Замок за моей спиной защёлкнулся, один котёнок с воем выскочил у меня из-под ног, другой откуда-то сверху свалился за шиворот. После нескольких неловких и малоприятных минут собаки, кошки и я рассредоточились по гостиной подальше друг от друга.

— Зачем звали?

— СОСКУЧИЛСЯ. — Он дезавуировал сказанное глумливой ухмылкой. — ВЫ ПОМНИТЕ, ЧТО, КРОМЕ ЗЛО-ГО ДЕМОНА, ЧЕЛОВЕКУ ПОЛОЖЕН И ДОБ-РЫЙ?

— И вы который?

Вильегорский раскинулся в кресле напротив и смотрел на меня взглядом, обещавшим множество удовольствий — только не мне, а кому-то другому.

— НУ СО ЗЛЫМ, СУДЯ ПО ВАШЕМУ УСТАЛОМУ ВИДУ, ВЫ УЖЕ ПО-ВИ-ДА-ЛИСЬ.

Я смолчал и какое-то время преспокойно дремал под ропот и шёпот его странного голоса.

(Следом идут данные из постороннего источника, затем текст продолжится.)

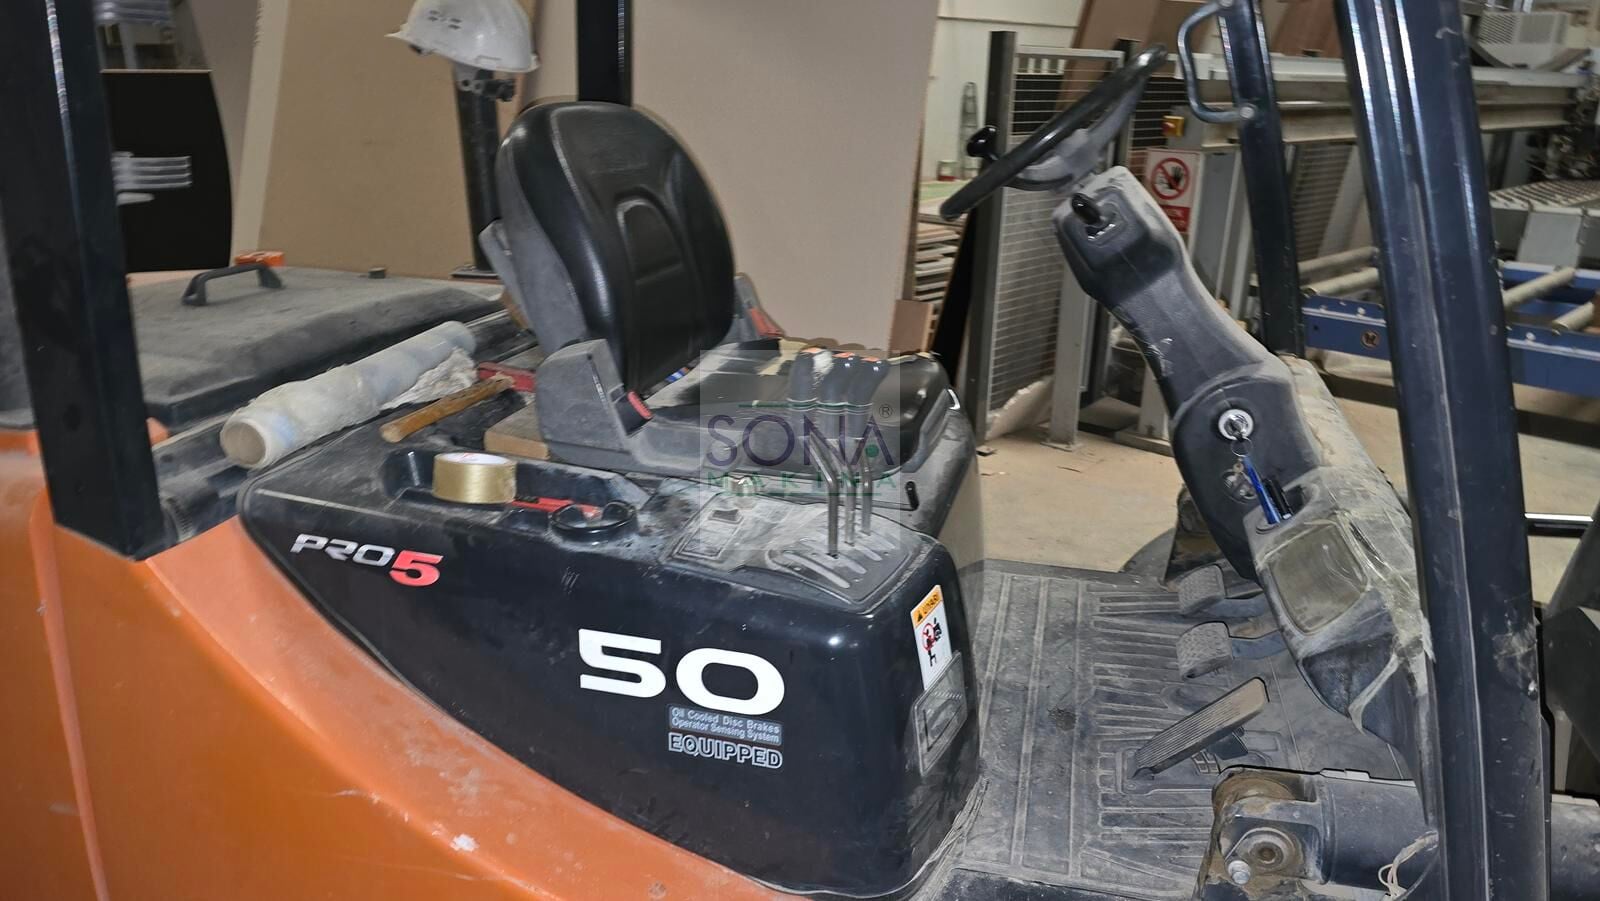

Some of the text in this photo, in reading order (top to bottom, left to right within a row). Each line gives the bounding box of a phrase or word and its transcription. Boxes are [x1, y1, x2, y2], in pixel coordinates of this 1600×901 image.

[578, 628, 785, 716] 50
[671, 707, 780, 734] Oil Cooled Disc Brakes
[671, 717, 780, 743] Operator Sensing System
[668, 732, 783, 769] EQUIPPED
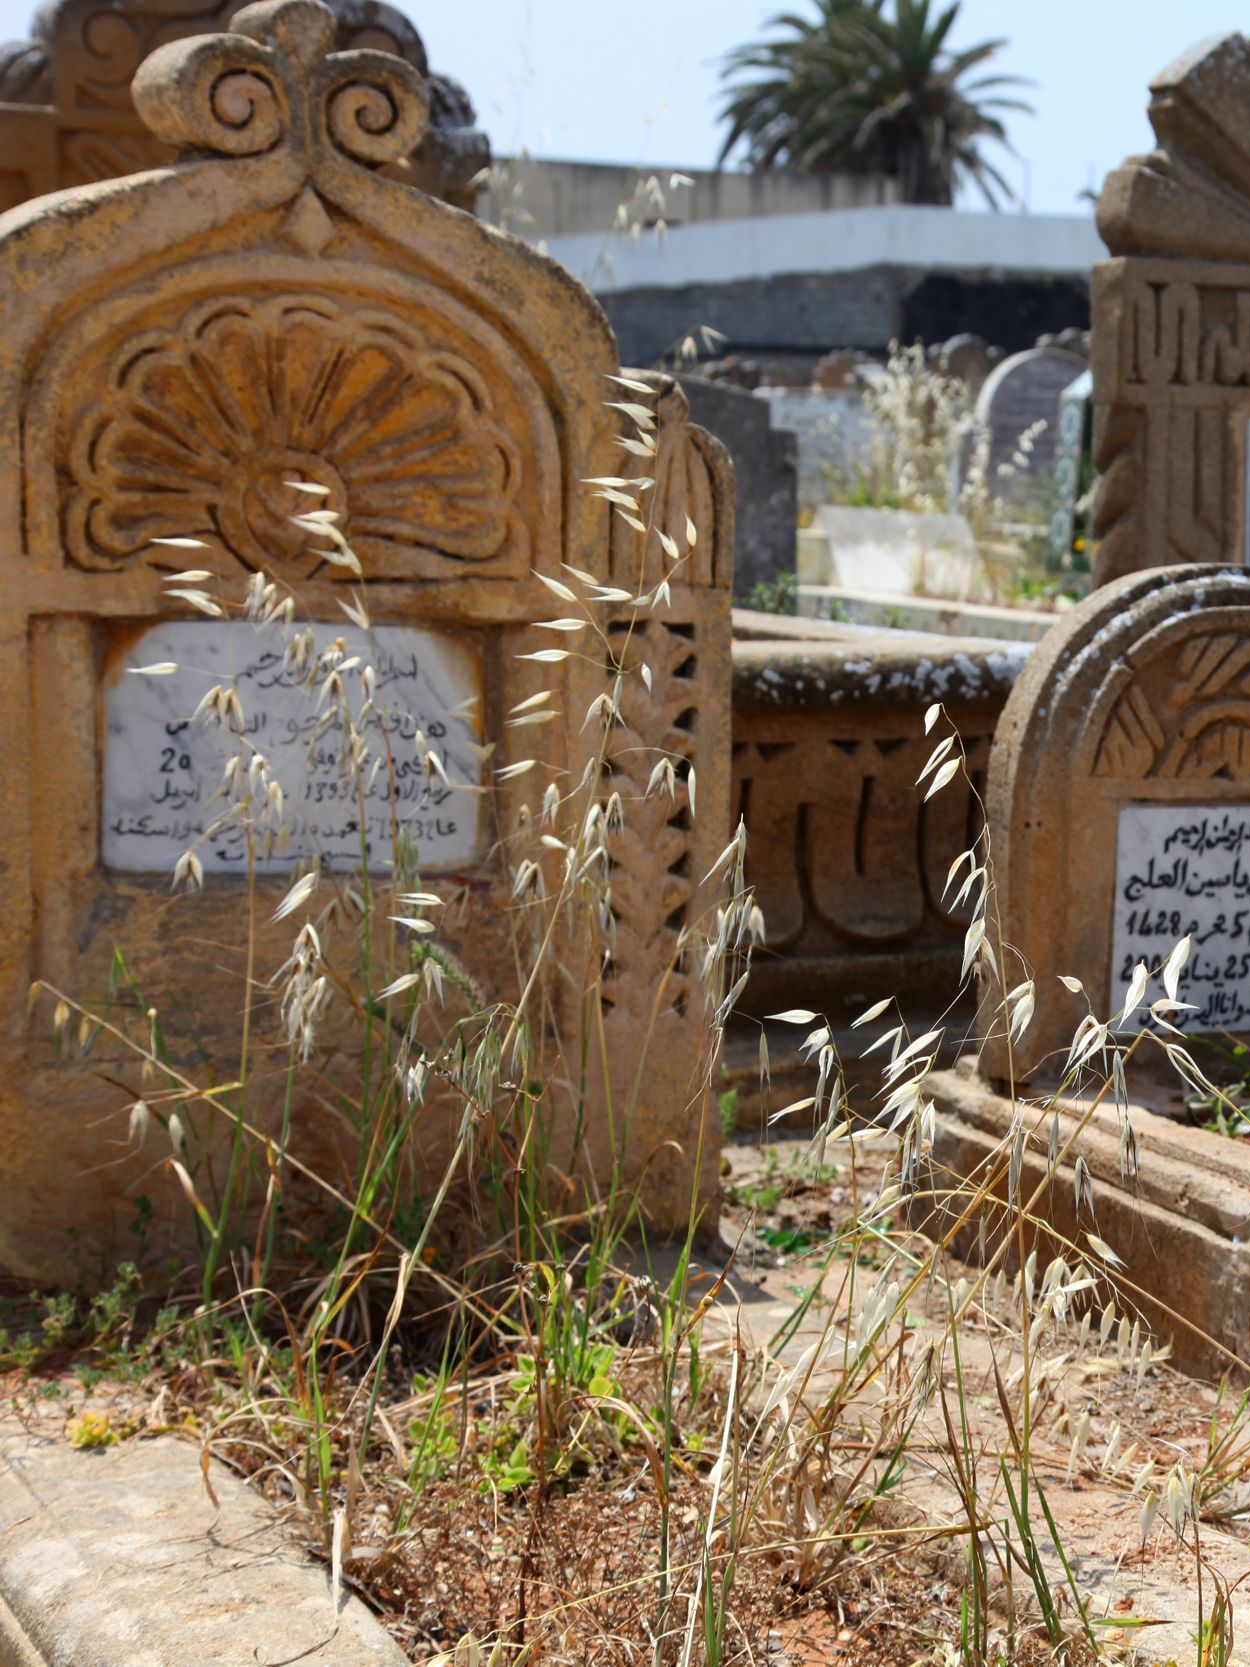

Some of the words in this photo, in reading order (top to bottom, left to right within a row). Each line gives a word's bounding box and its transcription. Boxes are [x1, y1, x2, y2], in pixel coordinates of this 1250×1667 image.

[160, 747, 191, 774] 20
[1184, 857, 1249, 899] ياسين
[1125, 906, 1181, 938] 1428
[1229, 909, 1250, 940] 5
[1158, 952, 1224, 991] يناي

Вильегорский говорил о морях и странах — или, возможно, земле и небе — демонах таких и демонах сяких — а то, кто его знает, просто предлагал на выбор чай или кофе.

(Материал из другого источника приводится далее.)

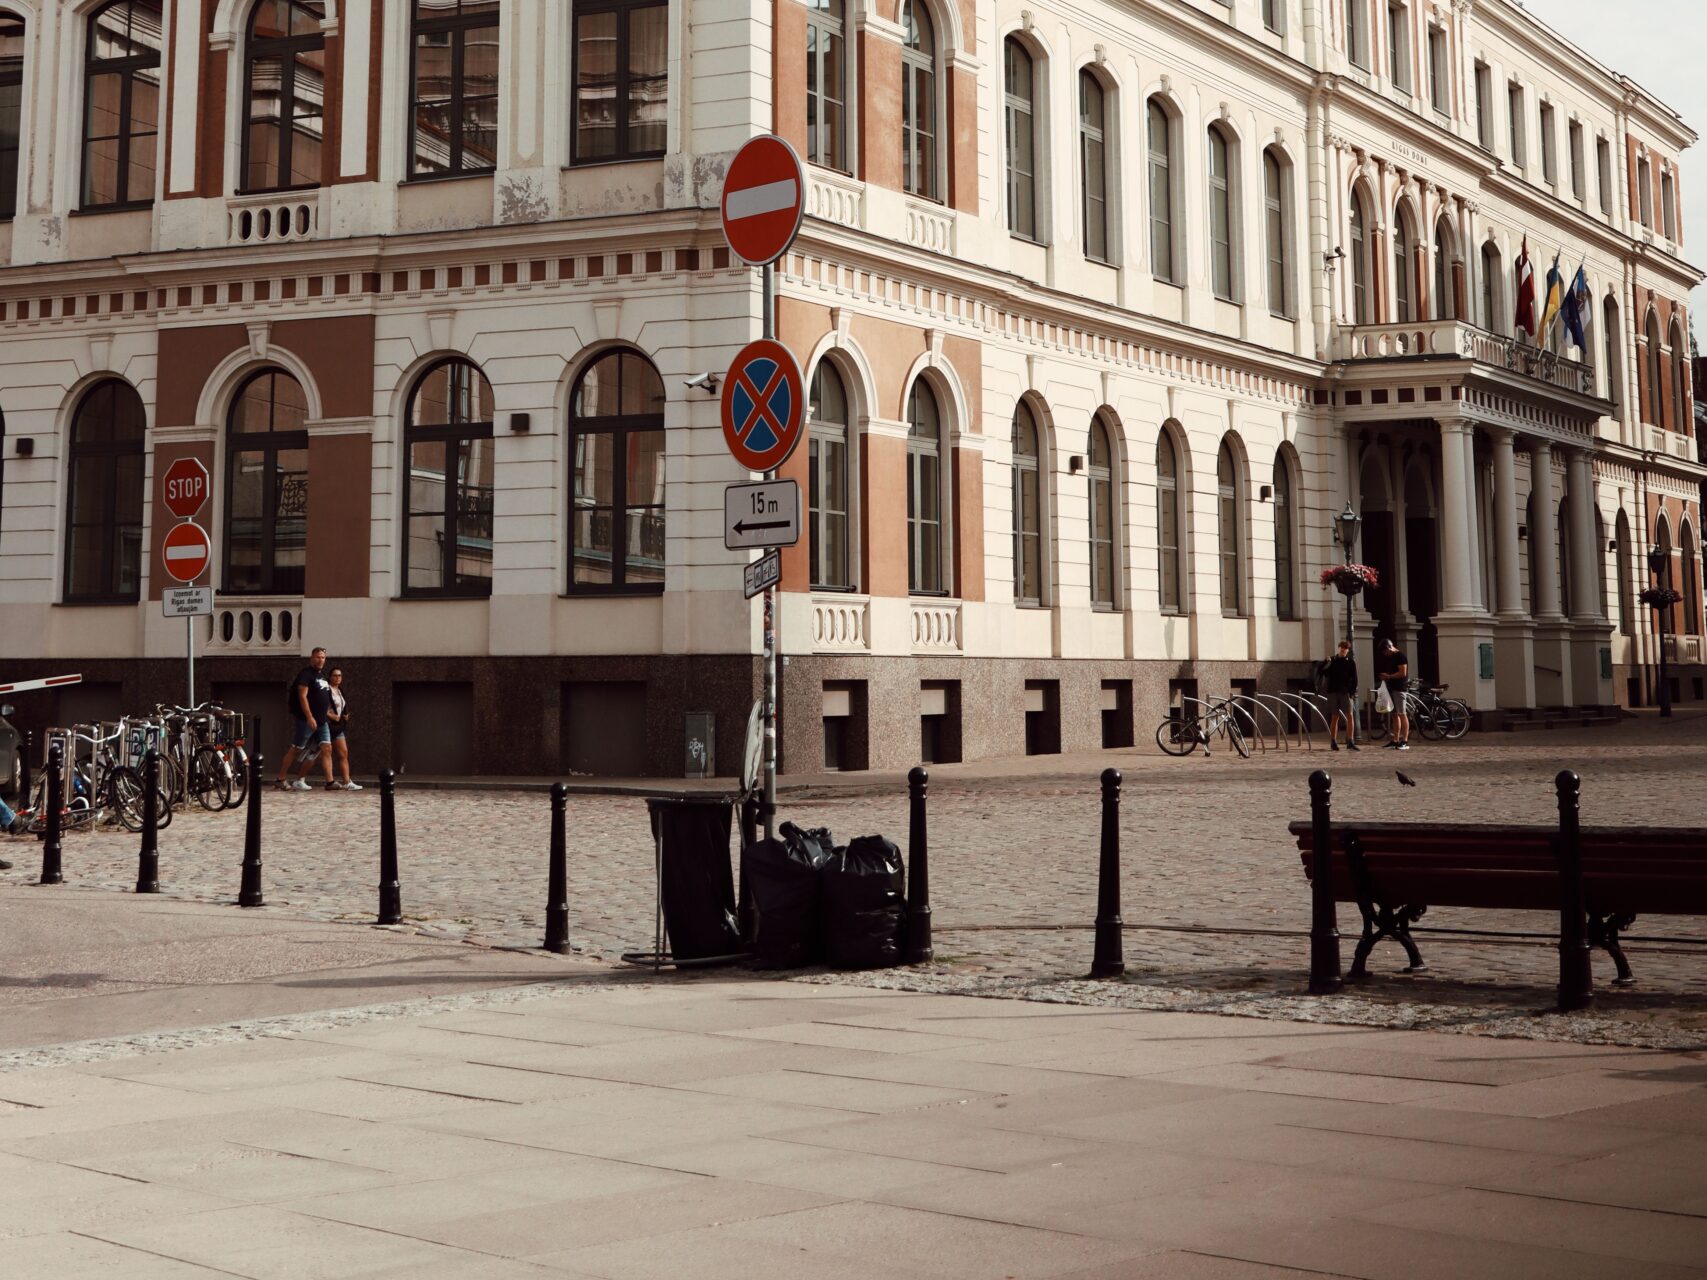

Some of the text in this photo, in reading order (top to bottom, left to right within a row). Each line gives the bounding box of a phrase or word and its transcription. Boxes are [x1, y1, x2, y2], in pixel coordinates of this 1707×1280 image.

[168, 477, 203, 500] STOP
[750, 491, 778, 515] 15 m

— А КАК ПО-ВАШЕМУ, РАЗНОГЛАЗЫЙ, НА ЧТО ЭТО ПОХОЖЕ?

Я поскреб нос.

— На кукольный домик.

— В КУКОЛЬНЫХ ДОМАХ И ЖИВУТ, НАВЕРНОЕ, КУКЛЫ?

— Возможно.

— А ЕСЛИ ТАКОЙ ДОМИК СГО-РИТ?

Я поскреб ухо.

— Родители купят детям новую игрушку.

— ВАМ ИХ НЕ ЖАЛЬ?

— Кого? Родителей, детей или кукол?

Вильегорский засмеялся. Он расслабленно сидел в кресле, почёсывал за ушами собаку и разглядывал меня с новым странным любопытством.

— СПЕРВА Я ДУМАЛ, ЧТО ВЫ ПРОСТО ХРАБРИТЕСЬ.

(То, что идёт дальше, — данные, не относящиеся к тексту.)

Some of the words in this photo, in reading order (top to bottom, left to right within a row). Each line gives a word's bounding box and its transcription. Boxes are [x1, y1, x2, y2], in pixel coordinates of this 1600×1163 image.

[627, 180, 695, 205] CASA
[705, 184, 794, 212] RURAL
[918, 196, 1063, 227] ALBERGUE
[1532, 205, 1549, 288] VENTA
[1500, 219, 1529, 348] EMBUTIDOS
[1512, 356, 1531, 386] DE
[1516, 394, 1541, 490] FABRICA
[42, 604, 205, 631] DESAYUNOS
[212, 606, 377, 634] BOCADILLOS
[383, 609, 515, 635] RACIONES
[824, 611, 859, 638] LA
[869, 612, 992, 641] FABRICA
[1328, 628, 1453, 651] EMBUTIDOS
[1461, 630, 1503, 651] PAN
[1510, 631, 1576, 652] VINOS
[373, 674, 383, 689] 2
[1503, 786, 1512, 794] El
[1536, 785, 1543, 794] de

— А теперь поняли, что у меня просто нет воображения. — Я кивнул. — Мне уже говорили.

— НО ЧТО-ТО ВСЁ РАВНО ПРО-ИС-ХО-ДИТ.

— Не знаю. У меня были галлюцинации… сны… Я никогда не видел снов раньше.

— ВАС ЭТО НА-ПУ-ГА-ЛО?

— Скорее озадачило.

— ВОЗМОЖНО, Я СМОГУ СНЯТЬ ПРОКЛЯТИЕ.

— Да? Сколько это будет стоить?

Он почему-то развеселился.

— ЭТО ПРОСТО У-ДИ-ВИ-ТЕЛЬ-НО, ЧТО ТАКОГО, КАК ВЫ, УДАЛОСЬ ЗА-ЦЕ-ПИТЬ. ПОНИМАЕТЕ, ПРОКЛЯТИЕ ДЕЙСТВЕННО ТОЛЬКО ТОГДА, КОГДА ЧЕЛОВЕК ВСЕМ СВОИМ СУ-ЩЕ-СТВОМ ЗНАЕТ, ЧТО ПРОКЛЯТ. ВЫ УМ-НЫЙ МОЛОДОЙ ЧЕЛОВЕК. НО ВО ВСЕХ ИНЫХ ОТ-НО-ШЕ-НИ-ЯХ — БРЕВНО БРЕВНОМ.

— Да?

— ДА. ПОЛАГАЮ, ЭТО И ЕСТЬ ВАША ДРУГАЯ СТОРОНА.

— У таких, как я, нет Другой Стороны.

— ДРУГАЯ ИЛИ ОБОРОТНАЯ СТОРОНА ЕСТЬ У ВСЕГО. ПОСМОТРИТЕ НА СВОИ РУКИ.

Я посмотрел.

— А которая оборотная: тыльная или ладонь?

— ТА, ЧТО ВАС СИЛЬНЕЕ ТРЕВОЖИТ.

— Вы слишком высокого обо мне мнения, если считаете, что собственные руки потревожат меня хоть сколько-нибудь.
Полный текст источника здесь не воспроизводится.